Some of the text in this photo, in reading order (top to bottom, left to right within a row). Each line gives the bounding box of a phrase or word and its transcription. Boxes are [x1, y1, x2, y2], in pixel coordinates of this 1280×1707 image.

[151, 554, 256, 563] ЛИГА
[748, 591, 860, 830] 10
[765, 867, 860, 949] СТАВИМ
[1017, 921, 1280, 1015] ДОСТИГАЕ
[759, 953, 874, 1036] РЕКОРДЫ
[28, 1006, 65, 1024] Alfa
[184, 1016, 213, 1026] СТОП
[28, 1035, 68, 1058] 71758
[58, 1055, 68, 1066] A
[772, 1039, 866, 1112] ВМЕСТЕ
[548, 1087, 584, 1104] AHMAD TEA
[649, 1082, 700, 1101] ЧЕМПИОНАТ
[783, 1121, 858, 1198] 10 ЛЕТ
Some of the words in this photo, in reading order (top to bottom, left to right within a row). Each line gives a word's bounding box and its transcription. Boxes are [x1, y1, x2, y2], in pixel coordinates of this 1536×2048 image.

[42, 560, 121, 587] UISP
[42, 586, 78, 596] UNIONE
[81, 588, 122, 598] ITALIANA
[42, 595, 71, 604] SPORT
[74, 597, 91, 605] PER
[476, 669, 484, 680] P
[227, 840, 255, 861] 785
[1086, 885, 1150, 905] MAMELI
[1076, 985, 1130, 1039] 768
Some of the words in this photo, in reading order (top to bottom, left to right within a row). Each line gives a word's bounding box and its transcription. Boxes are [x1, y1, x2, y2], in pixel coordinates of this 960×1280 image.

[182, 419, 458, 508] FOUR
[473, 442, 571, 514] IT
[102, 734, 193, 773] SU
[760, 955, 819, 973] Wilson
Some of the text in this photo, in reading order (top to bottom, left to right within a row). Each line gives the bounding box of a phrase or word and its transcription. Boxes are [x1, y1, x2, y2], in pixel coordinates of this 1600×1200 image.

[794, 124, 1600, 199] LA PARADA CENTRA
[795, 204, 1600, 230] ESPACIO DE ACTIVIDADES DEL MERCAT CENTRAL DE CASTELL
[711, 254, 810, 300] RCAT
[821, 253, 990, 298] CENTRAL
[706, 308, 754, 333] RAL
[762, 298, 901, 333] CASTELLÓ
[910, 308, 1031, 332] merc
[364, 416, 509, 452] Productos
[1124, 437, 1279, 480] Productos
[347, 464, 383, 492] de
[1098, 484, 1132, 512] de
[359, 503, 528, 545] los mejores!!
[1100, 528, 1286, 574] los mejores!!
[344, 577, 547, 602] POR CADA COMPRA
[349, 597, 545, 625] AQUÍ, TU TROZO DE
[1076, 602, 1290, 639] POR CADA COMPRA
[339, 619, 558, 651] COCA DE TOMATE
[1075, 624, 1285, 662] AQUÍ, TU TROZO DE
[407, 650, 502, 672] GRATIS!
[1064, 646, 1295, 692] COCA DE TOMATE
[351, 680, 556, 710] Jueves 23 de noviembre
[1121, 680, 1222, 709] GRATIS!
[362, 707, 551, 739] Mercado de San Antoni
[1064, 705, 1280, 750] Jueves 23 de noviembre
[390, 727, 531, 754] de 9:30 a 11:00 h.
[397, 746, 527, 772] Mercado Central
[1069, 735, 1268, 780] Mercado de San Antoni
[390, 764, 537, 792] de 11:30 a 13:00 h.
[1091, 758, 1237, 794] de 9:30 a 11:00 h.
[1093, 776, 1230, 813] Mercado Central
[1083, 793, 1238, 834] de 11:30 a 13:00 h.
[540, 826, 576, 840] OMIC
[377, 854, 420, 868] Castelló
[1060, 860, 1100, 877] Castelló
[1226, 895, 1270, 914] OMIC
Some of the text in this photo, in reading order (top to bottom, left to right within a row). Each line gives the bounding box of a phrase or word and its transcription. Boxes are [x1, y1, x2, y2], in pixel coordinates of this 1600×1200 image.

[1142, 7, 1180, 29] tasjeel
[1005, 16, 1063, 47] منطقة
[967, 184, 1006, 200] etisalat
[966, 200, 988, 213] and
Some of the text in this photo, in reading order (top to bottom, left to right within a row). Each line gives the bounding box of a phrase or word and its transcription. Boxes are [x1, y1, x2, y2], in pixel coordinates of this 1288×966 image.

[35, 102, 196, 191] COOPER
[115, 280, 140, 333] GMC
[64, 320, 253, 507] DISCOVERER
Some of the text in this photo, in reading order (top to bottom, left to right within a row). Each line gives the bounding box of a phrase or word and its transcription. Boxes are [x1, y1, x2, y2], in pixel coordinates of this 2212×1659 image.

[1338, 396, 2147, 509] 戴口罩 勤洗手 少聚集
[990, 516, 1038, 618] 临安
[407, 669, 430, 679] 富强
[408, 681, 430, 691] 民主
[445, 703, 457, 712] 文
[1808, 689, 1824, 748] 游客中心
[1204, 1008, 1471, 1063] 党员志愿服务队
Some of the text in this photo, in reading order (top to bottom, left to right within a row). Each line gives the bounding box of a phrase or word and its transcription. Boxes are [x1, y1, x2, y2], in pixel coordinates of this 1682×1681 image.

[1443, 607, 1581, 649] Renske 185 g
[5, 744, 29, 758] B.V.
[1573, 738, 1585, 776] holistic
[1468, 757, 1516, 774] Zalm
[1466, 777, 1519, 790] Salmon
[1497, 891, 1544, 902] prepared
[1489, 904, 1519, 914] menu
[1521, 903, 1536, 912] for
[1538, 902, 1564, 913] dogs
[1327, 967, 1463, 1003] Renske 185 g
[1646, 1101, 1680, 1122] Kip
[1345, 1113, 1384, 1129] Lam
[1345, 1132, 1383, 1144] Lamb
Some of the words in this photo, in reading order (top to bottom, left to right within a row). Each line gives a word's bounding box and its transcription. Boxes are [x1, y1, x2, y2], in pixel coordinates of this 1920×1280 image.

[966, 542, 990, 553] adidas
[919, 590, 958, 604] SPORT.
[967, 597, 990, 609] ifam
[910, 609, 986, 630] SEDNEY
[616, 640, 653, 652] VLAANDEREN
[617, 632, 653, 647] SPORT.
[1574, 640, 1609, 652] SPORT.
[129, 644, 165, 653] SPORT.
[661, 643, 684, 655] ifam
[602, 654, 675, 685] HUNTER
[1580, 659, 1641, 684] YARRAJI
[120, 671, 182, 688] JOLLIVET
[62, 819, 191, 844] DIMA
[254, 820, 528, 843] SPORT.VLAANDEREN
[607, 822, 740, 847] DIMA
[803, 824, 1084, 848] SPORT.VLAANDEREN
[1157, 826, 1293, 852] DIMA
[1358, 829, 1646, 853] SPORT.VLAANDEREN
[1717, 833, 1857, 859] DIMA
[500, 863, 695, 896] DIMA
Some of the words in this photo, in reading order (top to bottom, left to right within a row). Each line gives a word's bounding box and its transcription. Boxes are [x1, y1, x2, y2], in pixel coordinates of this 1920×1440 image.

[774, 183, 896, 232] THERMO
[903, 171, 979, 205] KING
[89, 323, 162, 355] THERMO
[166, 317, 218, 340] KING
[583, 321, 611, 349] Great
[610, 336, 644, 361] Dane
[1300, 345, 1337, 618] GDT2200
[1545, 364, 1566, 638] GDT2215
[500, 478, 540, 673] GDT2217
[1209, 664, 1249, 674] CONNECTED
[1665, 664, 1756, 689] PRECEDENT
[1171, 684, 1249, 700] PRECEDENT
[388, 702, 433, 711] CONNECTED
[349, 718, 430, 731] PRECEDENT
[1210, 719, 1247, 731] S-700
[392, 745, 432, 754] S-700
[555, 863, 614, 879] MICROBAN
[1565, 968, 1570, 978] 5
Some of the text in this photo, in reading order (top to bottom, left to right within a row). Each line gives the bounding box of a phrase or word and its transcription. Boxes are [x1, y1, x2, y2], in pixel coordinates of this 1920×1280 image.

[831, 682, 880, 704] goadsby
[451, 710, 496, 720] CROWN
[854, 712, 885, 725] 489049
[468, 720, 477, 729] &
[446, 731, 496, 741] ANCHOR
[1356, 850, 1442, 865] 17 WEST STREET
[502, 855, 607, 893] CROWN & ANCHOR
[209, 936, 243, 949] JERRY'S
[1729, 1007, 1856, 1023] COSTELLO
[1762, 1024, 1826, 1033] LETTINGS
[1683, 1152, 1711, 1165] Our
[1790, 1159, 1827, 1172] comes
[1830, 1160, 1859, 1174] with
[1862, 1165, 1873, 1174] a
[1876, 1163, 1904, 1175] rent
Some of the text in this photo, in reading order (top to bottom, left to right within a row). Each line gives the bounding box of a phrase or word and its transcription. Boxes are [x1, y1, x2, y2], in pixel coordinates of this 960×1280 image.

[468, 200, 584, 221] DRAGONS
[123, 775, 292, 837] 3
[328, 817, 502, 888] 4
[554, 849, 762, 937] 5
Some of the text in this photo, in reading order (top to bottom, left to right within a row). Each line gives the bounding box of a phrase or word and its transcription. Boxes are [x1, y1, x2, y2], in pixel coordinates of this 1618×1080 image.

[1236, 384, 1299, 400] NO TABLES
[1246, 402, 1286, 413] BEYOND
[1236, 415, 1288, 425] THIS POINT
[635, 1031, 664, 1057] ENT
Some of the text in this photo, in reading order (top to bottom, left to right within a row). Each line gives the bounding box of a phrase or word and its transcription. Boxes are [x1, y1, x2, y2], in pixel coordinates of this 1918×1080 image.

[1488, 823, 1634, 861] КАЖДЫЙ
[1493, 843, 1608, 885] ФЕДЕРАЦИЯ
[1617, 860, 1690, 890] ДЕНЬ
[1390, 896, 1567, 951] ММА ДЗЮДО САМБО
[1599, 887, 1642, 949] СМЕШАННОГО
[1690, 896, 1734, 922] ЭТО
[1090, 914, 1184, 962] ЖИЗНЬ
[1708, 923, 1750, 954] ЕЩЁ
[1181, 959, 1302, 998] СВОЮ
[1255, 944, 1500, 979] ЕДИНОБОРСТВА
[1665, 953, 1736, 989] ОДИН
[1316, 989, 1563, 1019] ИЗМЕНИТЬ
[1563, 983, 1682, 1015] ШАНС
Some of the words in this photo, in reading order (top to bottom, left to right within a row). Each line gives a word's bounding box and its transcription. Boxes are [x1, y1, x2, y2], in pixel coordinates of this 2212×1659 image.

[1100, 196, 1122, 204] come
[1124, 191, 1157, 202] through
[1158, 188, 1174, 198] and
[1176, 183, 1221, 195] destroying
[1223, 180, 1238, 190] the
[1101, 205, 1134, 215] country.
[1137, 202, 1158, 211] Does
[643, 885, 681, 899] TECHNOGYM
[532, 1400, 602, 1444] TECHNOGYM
::::::::
#### Work instruction:
Nothing but the lines from the one with "this 1618×1080 image." through the final line of the records above should appear, each copied exactly.

#### Your solution:
Some of the text in this photo, in reading order (top to bottom, left to right within a row). Each line gives the bounding box of a phrase or word and its transcription. Boxes are [x1, y1, x2, y2], in pixel coordinates of this 1618×1080 image.

[1236, 384, 1299, 400] NO TABLES
[1246, 402, 1286, 413] BEYOND
[1236, 415, 1288, 425] THIS POINT
[635, 1031, 664, 1057] ENT
Some of the text in this photo, in reading order (top to bottom, left to right within a row). Each line gives the bounding box of a phrase or word and its transcription. Boxes are [x1, y1, x2, y2], in pixel coordinates of this 1918×1080 image.

[1488, 823, 1634, 861] КАЖДЫЙ
[1493, 843, 1608, 885] ФЕДЕРАЦИЯ
[1617, 860, 1690, 890] ДЕНЬ
[1390, 896, 1567, 951] ММА ДЗЮДО САМБО
[1599, 887, 1642, 949] СМЕШАННОГО
[1690, 896, 1734, 922] ЭТО
[1090, 914, 1184, 962] ЖИЗНЬ
[1708, 923, 1750, 954] ЕЩЁ
[1181, 959, 1302, 998] СВОЮ
[1255, 944, 1500, 979] ЕДИНОБОРСТВА
[1665, 953, 1736, 989] ОДИН
[1316, 989, 1563, 1019] ИЗМЕНИТЬ
[1563, 983, 1682, 1015] ШАНС
Some of the words in this photo, in reading order (top to bottom, left to right within a row). Each line gives a word's bounding box and its transcription. Boxes are [x1, y1, x2, y2], in pixel coordinates of this 2212×1659 image.

[1100, 196, 1122, 204] come
[1124, 191, 1157, 202] through
[1158, 188, 1174, 198] and
[1176, 183, 1221, 195] destroying
[1223, 180, 1238, 190] the
[1101, 205, 1134, 215] country.
[1137, 202, 1158, 211] Does
[643, 885, 681, 899] TECHNOGYM
[532, 1400, 602, 1444] TECHNOGYM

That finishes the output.